AIM OF THE TASK →
A word-for-word copy of the data is what's wanted, with no pictures.

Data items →
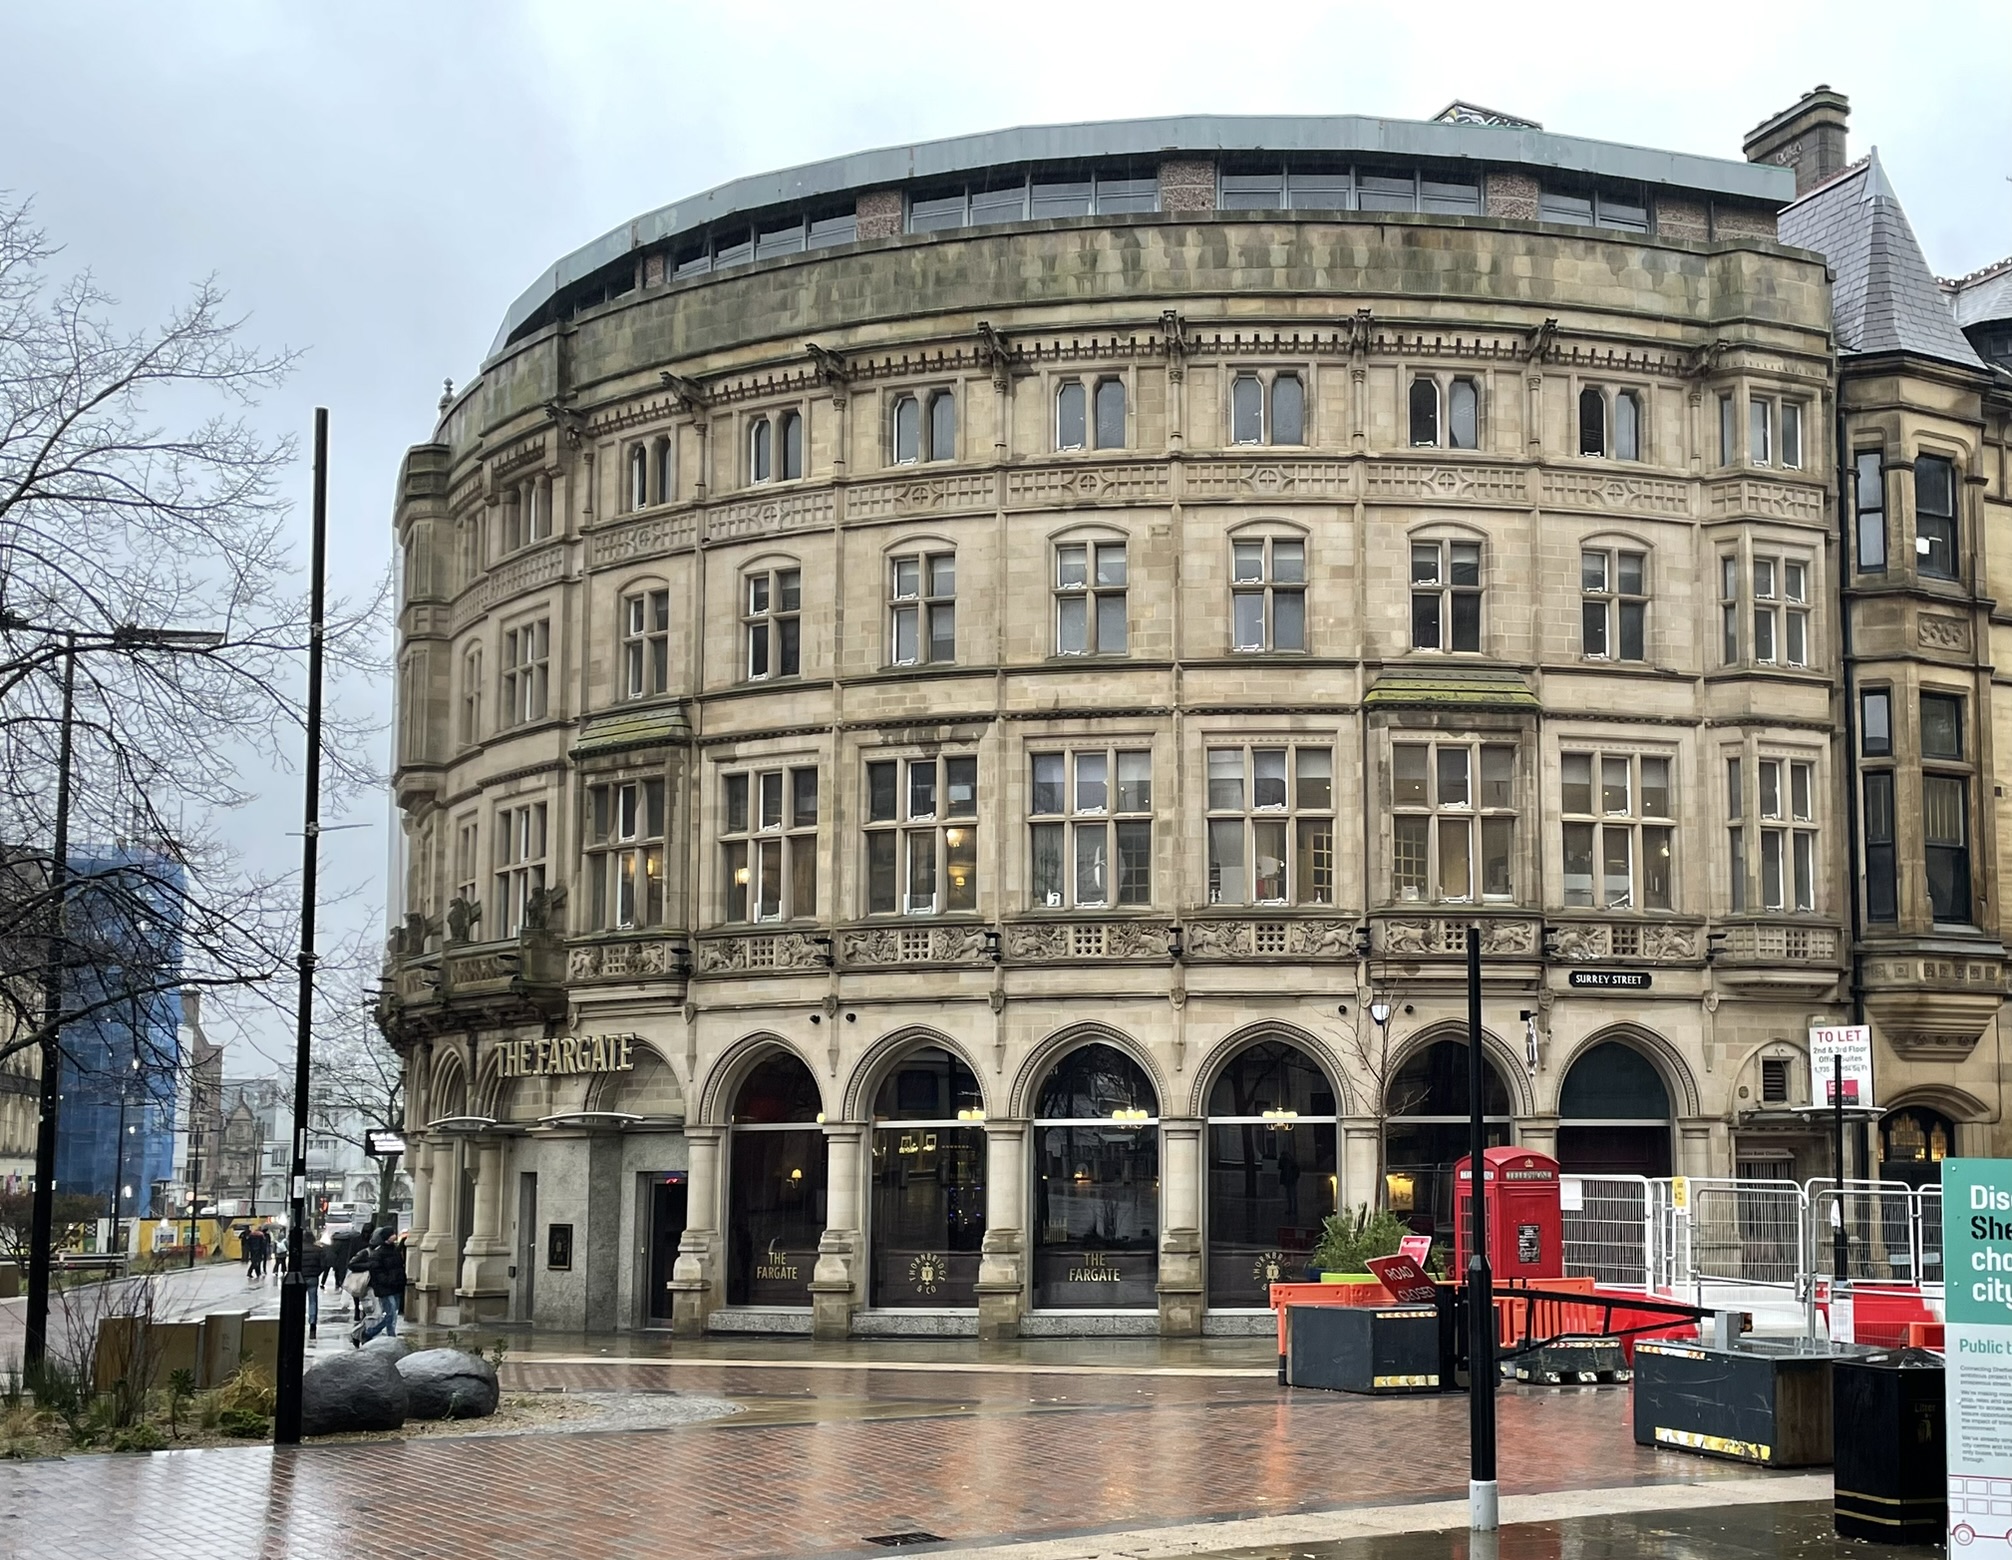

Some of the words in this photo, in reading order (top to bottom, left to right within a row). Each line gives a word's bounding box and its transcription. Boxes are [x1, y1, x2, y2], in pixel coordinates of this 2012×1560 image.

[1575, 974, 1610, 984] SURREY
[1612, 975, 1642, 985] STREET
[1817, 1031, 1833, 1043] TO
[1838, 1030, 1861, 1042] LET
[495, 1041, 533, 1077] THE
[533, 1032, 635, 1075] FARGATE
[1848, 1045, 1867, 1053] Floor
[1819, 1055, 1836, 1063] Offic
[1506, 1171, 1552, 1179] TELEPHONE
[769, 1252, 786, 1265] THE
[1084, 1253, 1106, 1266] THE
[757, 1266, 798, 1280] FARGATE
[1069, 1268, 1121, 1282] FARGATE
[1384, 1266, 1415, 1281] ROAD
[1398, 1286, 1436, 1301] CLOSED
[1960, 1338, 2003, 1354] Public

RESULT FOR THIS TASK →
Some of the words in this photo, in reading order (top to bottom, left to right within a row). Each line gives a word's bounding box and its transcription. Boxes are [x1, y1, x2, y2], in pixel coordinates of this 2012×1560 image.

[1575, 974, 1610, 984] SURREY
[1612, 975, 1642, 985] STREET
[1817, 1031, 1833, 1043] TO
[1838, 1030, 1861, 1042] LET
[495, 1041, 533, 1077] THE
[533, 1032, 635, 1075] FARGATE
[1848, 1045, 1867, 1053] Floor
[1819, 1055, 1836, 1063] Offic
[1506, 1171, 1552, 1179] TELEPHONE
[769, 1252, 786, 1265] THE
[1084, 1253, 1106, 1266] THE
[757, 1266, 798, 1280] FARGATE
[1069, 1268, 1121, 1282] FARGATE
[1384, 1266, 1415, 1281] ROAD
[1398, 1286, 1436, 1301] CLOSED
[1960, 1338, 2003, 1354] Public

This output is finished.